According to the team’s analysis, many language subsets include short and repetitive recordings, poor audio quality, and limited speaker diversity. In some cases, recordings are just two seconds long or come from a single contributor. They also identified inconsistent writing systems and unclear dialect choices, such as mixing Bokmål and Nynorsk in Norwegian, or labeling Modern Standard Arabic as Egyptian Arabic.
Other issues include low speech-to-silence ratios, where large portions of audio contain little or no speech, and imbalanced content, with overly formal or templated prompts that don’t reflect natural language use.

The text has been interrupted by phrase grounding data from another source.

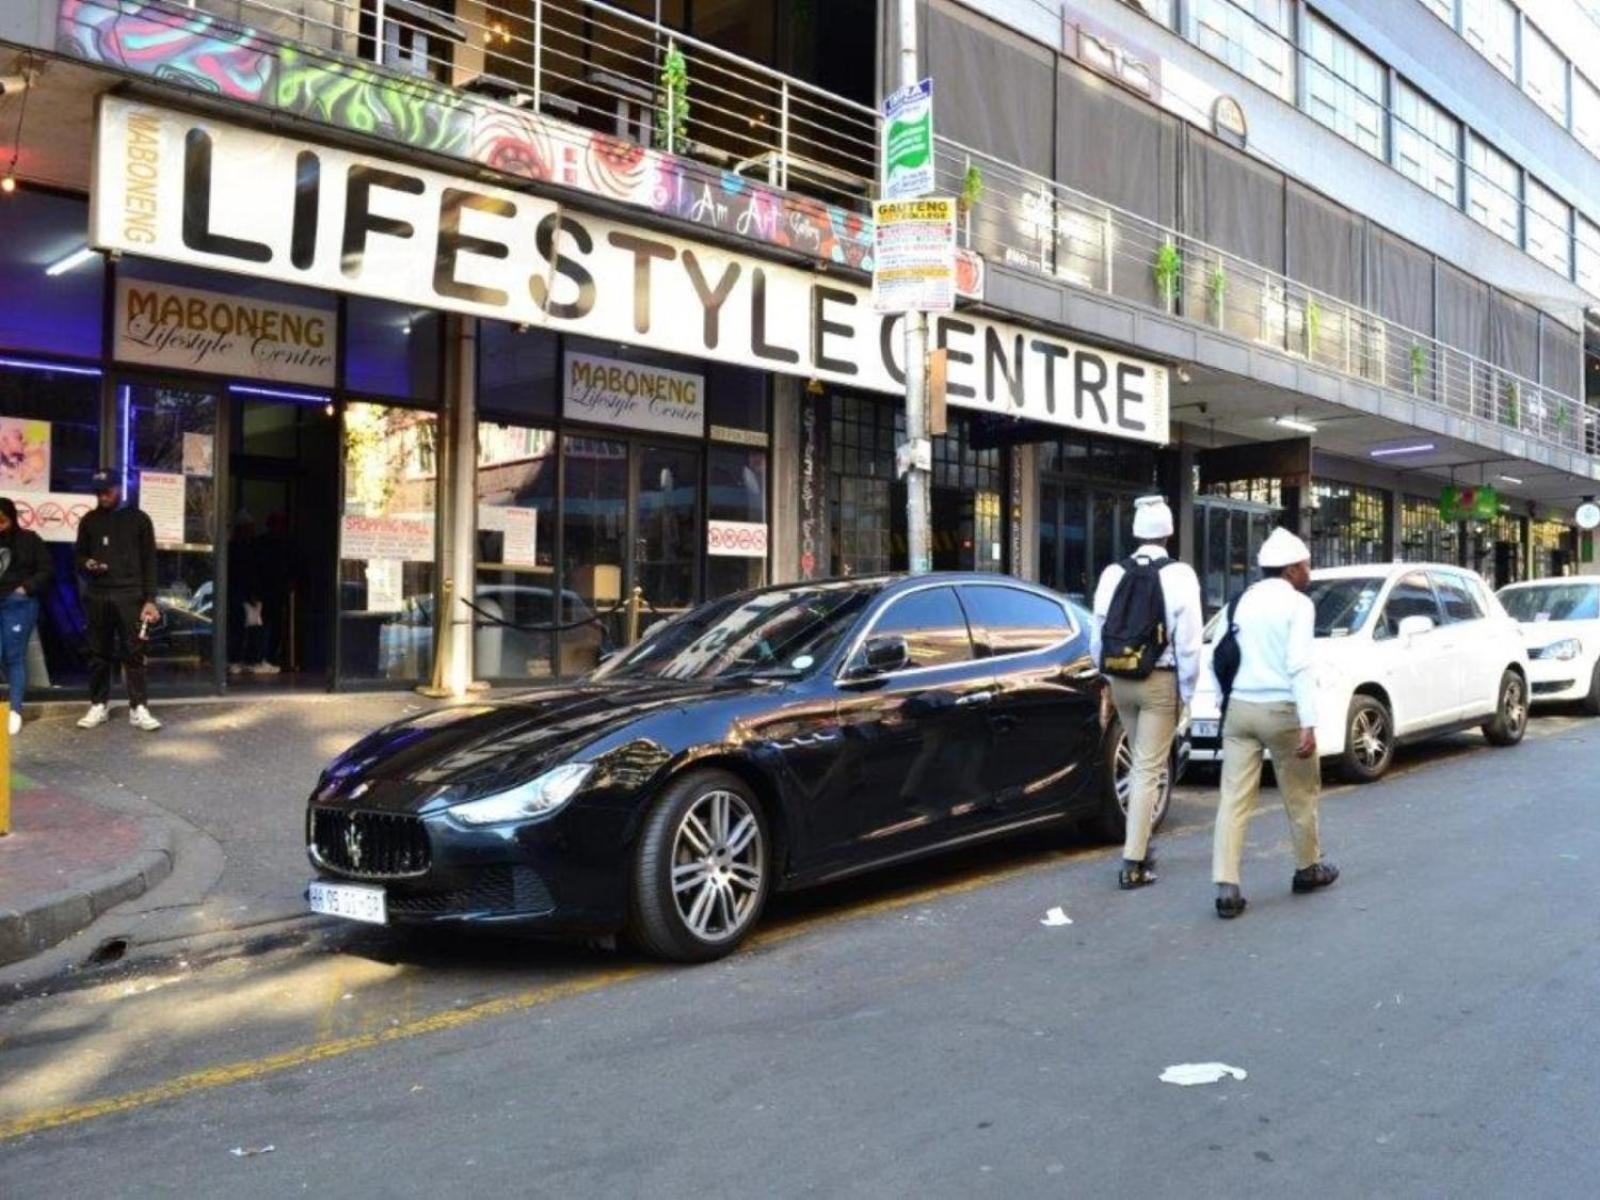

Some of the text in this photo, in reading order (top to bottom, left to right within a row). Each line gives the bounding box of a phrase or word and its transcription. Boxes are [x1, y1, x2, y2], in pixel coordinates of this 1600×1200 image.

[123, 111, 161, 245] MABONENG
[690, 184, 728, 227] Am
[736, 190, 779, 239] Art
[878, 202, 948, 215] GAUTENG
[182, 128, 859, 376] LIFESTYLE
[122, 312, 332, 368] Lifestyle Centre
[128, 288, 325, 348] MABONENG
[566, 380, 703, 421] Lifestyle Centre
[572, 359, 697, 405] MABONENG

Slator 2025 Language Industry Market Report
The 150-page report offers a comprehensive view of the 2025 global market — with market sizing, AI capability breakdowns, buyer insights, use cases, survey data, and projections through 2030.
The researchers noted that these quality issues have significant implications for downstream research and applications. For example, shorter utterances tend to produce higher word error rates, while excessive silence negatively impacts emotion recognition. A lack of speaker and topic diversity can introduce biases related to gender, age, and regional accents.
Linguistic Expertise
While micro-level issues — such as audio duration and speaker diversity — can often be fixed programmatically, macro-level issues which arise from ignoring a language’s sociolinguistic context — such as inconsistent orthography, dialect confusion, and mismatches between spoken and written forms — require manual inspection and linguistic expertise, and are especially common in less-institutionalized languages.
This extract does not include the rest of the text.